Fig. 7

METTL3 knockdown induced dysregulation of cell cycle genes and apoptotic changes in primary neuronal cultures. (A, B) Representative immunofluorescence image (A) and quantification analysis of m⁶A immunoreactivity (B) in primary cortical neurons after AAV-GFP-shRNA infection revealed significantly decreased neuronal m⁶A modification by METTL3 depletion. (C) Quantitative PCR analysis of cell cycle genes in primary neurons after Mettl3 knockdown mediated by AAV-shRNA infection. GAPDH was used as a reference gene for quantitative gene expression analysis. (D) Total pure RNA from adult rat cortical tissue was immunoprecipitated with a specific m⁶A antibody (Novus) or a mouse IgG control. CCND2 mRNAs were pulled down and detected by quantitative PCR. (E-J) Primary rat cortical neurons from E16–18 embryos were infected with AAV-GFP-shMettl3 or AAV-GFP-shCtrl on DIV 7. (E-F) Six days after AAV injection, neurons were treated with actinomycin D (5 μg/ml).
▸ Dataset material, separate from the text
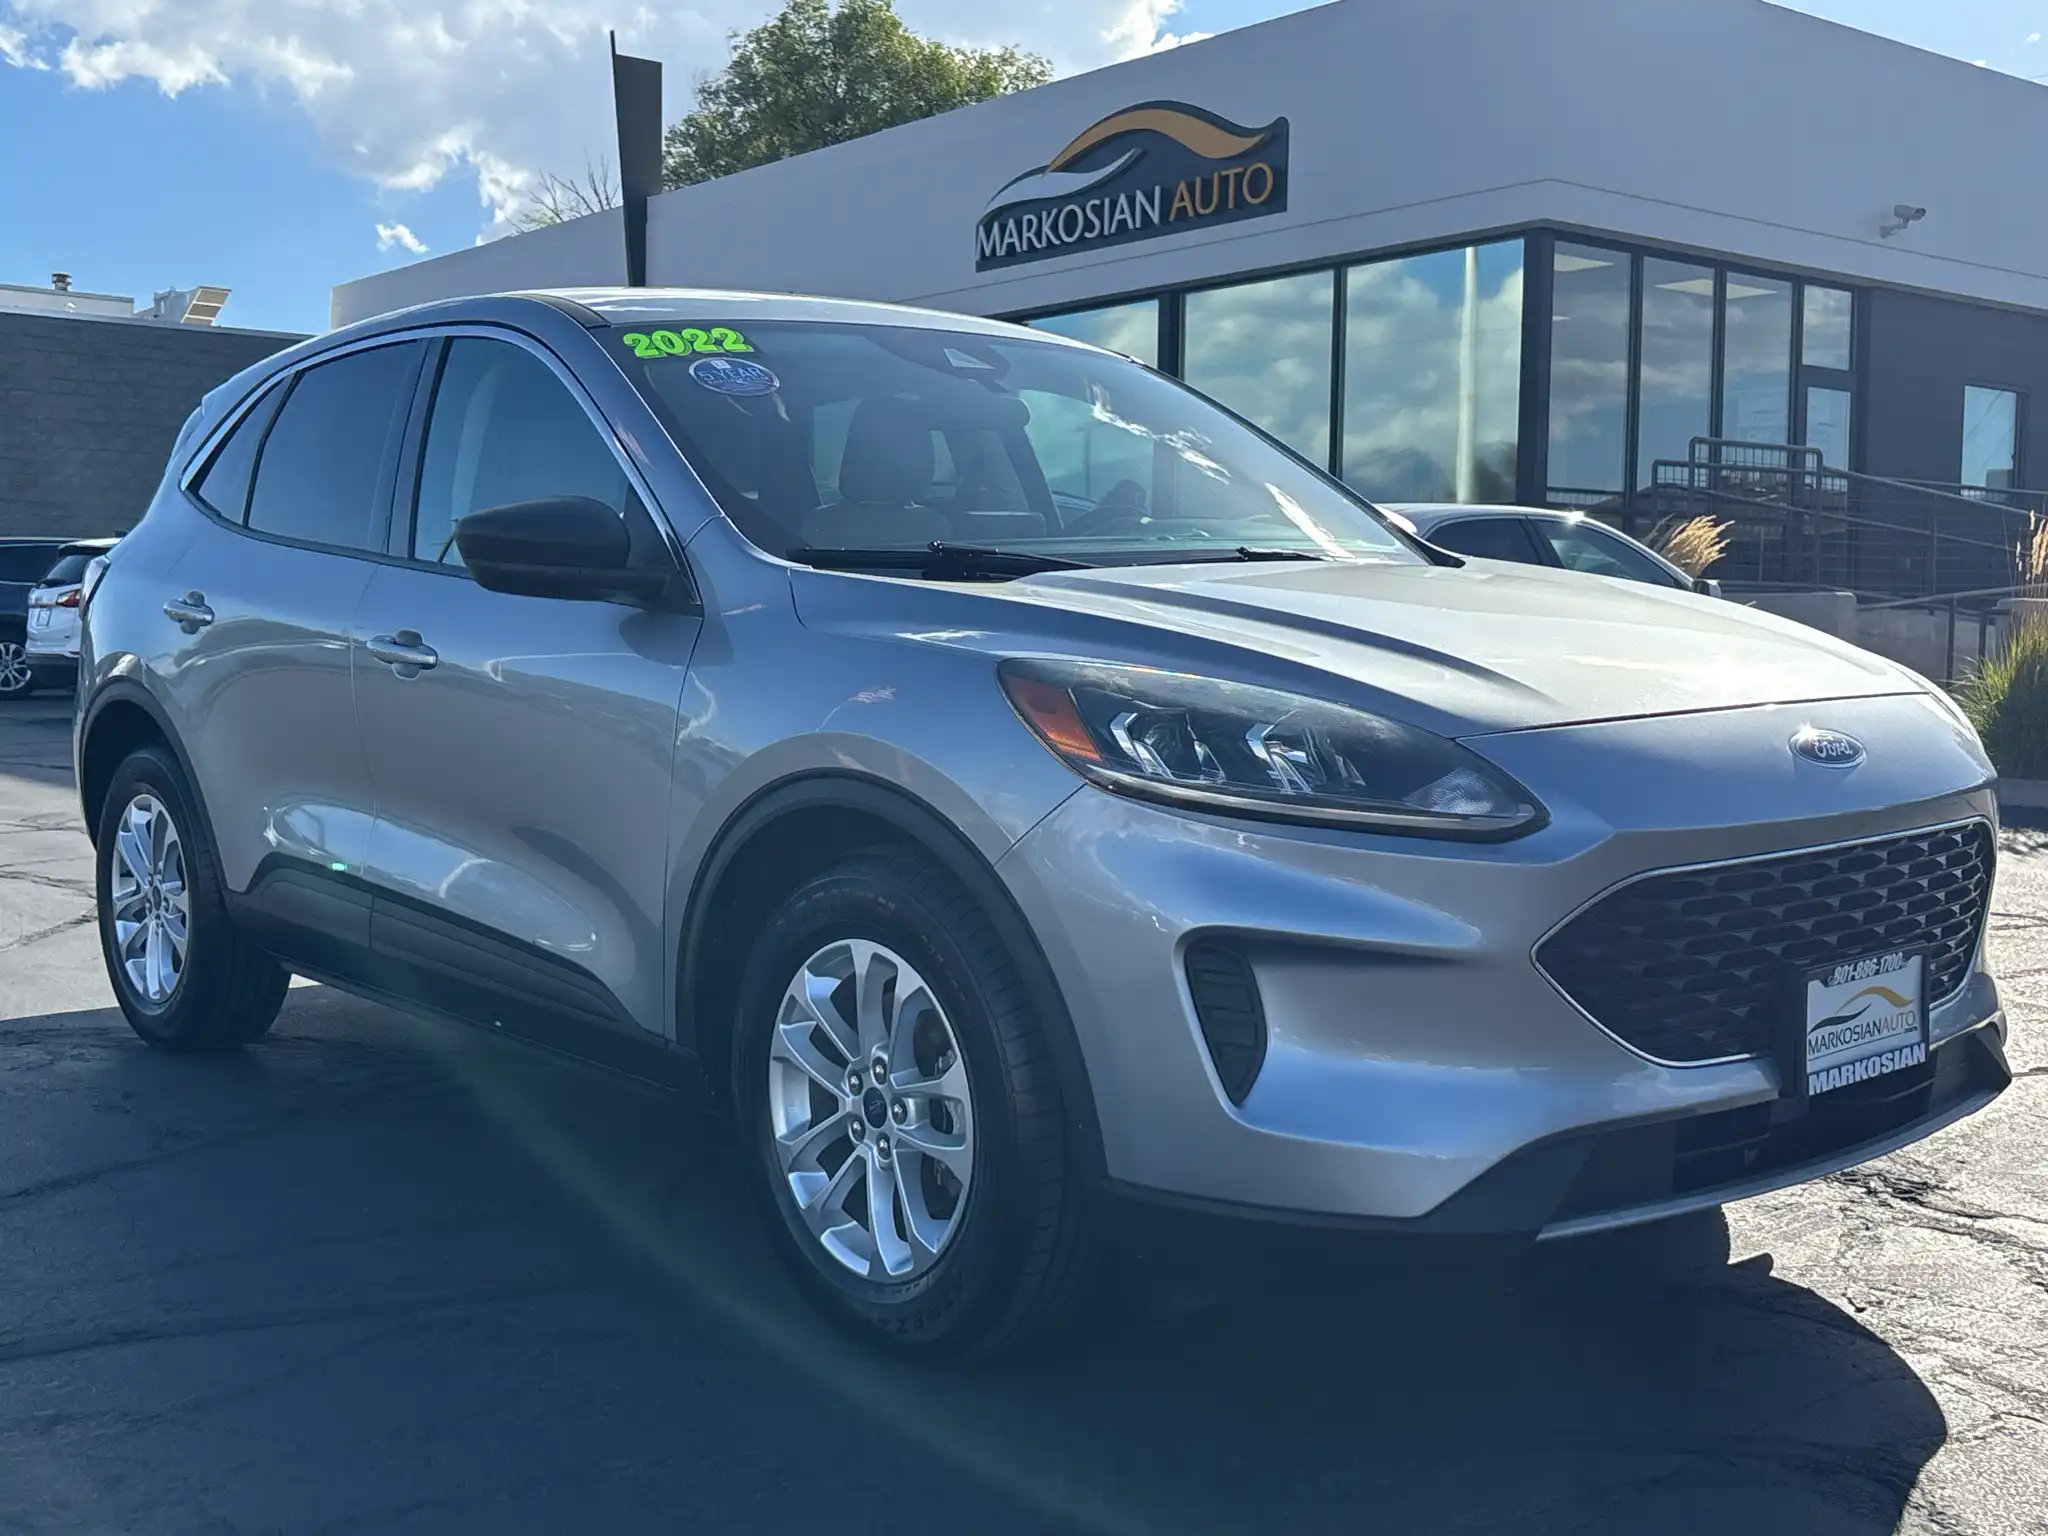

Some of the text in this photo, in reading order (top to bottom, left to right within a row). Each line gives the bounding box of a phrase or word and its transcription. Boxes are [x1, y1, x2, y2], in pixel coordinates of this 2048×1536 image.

Representative mRNA profiles of GAPDH (E) and CCND2 (F) at 0-, 3-, and 6-h time points after treatment were shown. 18S rRNA was used as reference for quantitative analysis. (G-J) Eight to nine days after AAV infection, neuron extracts were used for immunoblot analysis (G, I) and quantification of protein changes were shown (H, J) (Data are means±SEM from at least 3 independent experiments, *p < 0.05, **p < 0.01, ***p < 0.001; B-F, H, J unpaired student’s t-test)